Hace una década, el marketing deportivo decidió promover una nueva forma de vender el tenis sobre tierra batida, sustituyendo el clásico color arcilloso, por un intenso azul. El fracaso fue estrepitoso. Los jugadores fueron los primeros en exigir que se mantuviera el aspecto clásico de la superficie. Ahora les contamos qué fue lo que ocurrió y os pedimos vuestra opinión al respecto.
Corría el año 2012, Obama conseguía la reelección tras una reñida campaña electoral, estábamos atentos a cuanto ocurría en la Primavera Árabe, el Costa Concordia se quedaba semihundido en el Mar Tirreno, la NASA nos permitía conocer mejor Marte, el planeta rojo y en el Master1000 de Madrid convirtieron la tierra en azul. Lo del tenis también ocurrió en primavera (como la árabe), pero no provocó su reelección (como Obama), sino un importante naufragio (como el Costa Concordia) y comprender que nuestra tierra (como en Marte), también es roja.
Ion Tiriac, promotor del torneo y, para muchos, niño mimado de la ATP consiguió el beneplácito de las instituciones del tenis para poder cambiar las normas más tradicionales sustituyendo el aspecto que todos teníamos en nuestro subconsciente de lo que es el tenis. La excusa era mejorar la visibilidad de la bola, pero los intereses económicos estaban detrás. Nadie pensó en los jugadores. La tierra azul provocó entre ellos una gran polémica por sus diferentes características de bote y por resultar extraordinariamente resbaladiza, con riesgo para su propia integridad física. Algunos de ellos, incluidos Novak Djokovic y Rafa Nadal, números 1 y 2 del mundo en ese momento, ya advirtieron que no volverían a acudir al torneo de mantener esta superficie tan novedosa y perjudicial para los propios protagonistas del circo del tenis. El serbio no pudo defender el título ya que cayó en cuartos contra Janko Tipsarevic. En cambio, Rafa perdió en octavos ante Verdasco más desesperado por las condiciones de la pista que por el propio partido. El torneo lo ganó Roger Federer al imponerse en la final a Thomas Berdych. Varios meses después, la ATP recobró la cordura y revocó la homologación de la tierra azul, inhabilitándola para la disputa de torneos oficiales del circuito.
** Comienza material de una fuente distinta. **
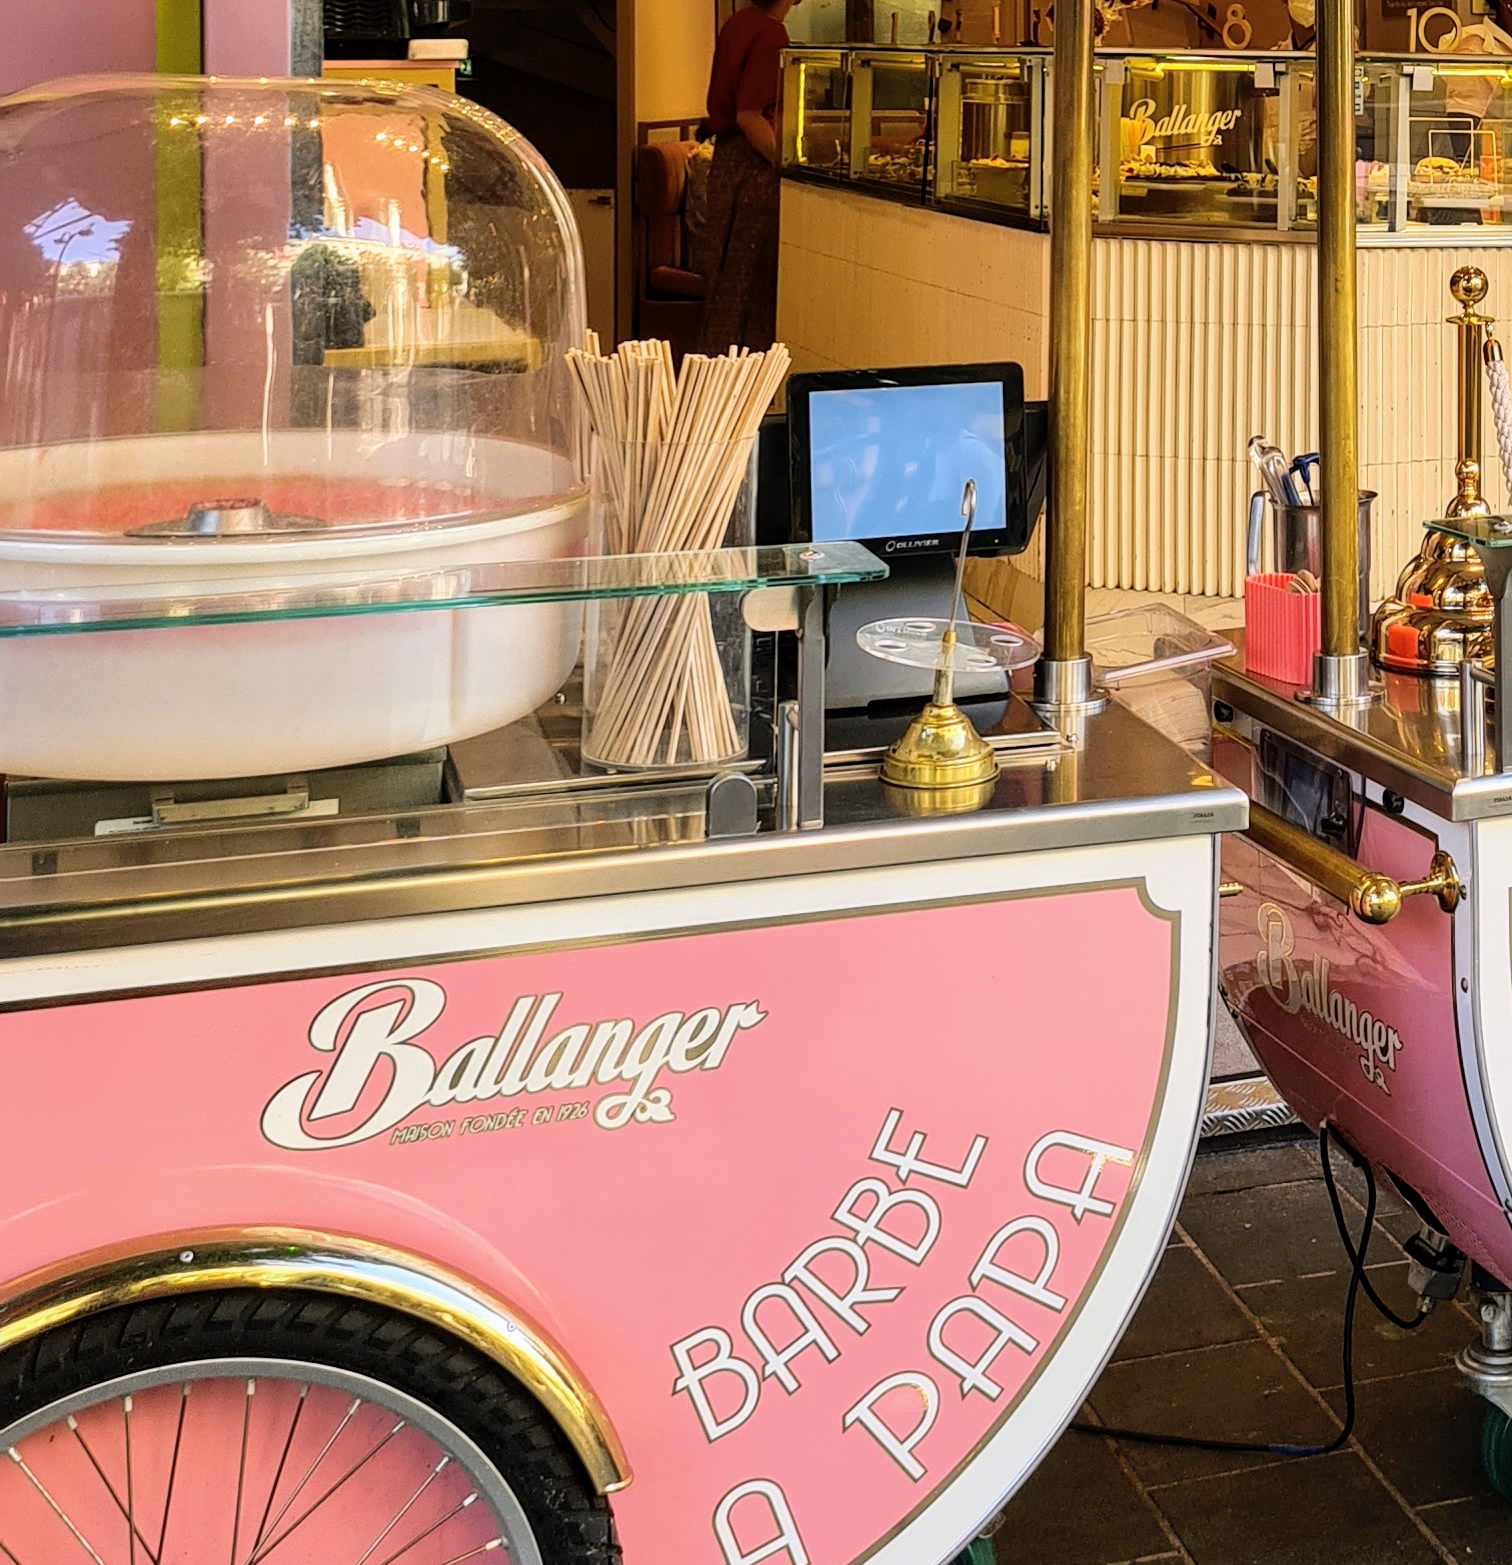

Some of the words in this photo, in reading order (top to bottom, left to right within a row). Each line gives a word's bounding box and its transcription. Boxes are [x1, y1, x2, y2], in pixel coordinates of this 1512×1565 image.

[1223, 3, 1252, 50] 8
[1407, 6, 1463, 53] 10
[1129, 98, 1242, 147] Ballanger
[1257, 902, 1403, 1096] Ballanger
[261, 977, 767, 1152] Ballanger
[390, 1119, 453, 1145] MAISON
[459, 1108, 528, 1136] FONDÉE
[531, 1106, 555, 1126] EN
[555, 1101, 591, 1122] 1926
[673, 1107, 990, 1443] BARBE
[842, 1129, 1136, 1483] PAPA
Diez años después, este bonito deporte ha integrado perfectamente novedades tecnológicas que han servido para mejorar el espectáculo y el juego, ahora bien, pasado el tiempo recordamos lo de las pistas de tierra azuladas como una excentricidad que, eso sí, ocurrió aquí…, donde iba a pasar si no…, pongamos que hablo de Madrid.
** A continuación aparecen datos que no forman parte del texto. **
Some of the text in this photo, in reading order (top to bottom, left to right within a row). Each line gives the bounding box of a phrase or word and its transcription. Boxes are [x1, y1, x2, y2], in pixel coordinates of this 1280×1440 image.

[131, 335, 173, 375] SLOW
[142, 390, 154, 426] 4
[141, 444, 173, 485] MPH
Gracias a Dios, iniciaba su presidencia en España, el bueno de Mariano Rajoy Brey y quizás por ello la ocurrencia de haber elegido el color azul; de haber ocurrido todo ello en la actualidad, el color de la arcilla habría sido rojo pasión.
Lo importante es que se haya vuelto a la lógica y que no se perseverara ni un solo torneo más en el error.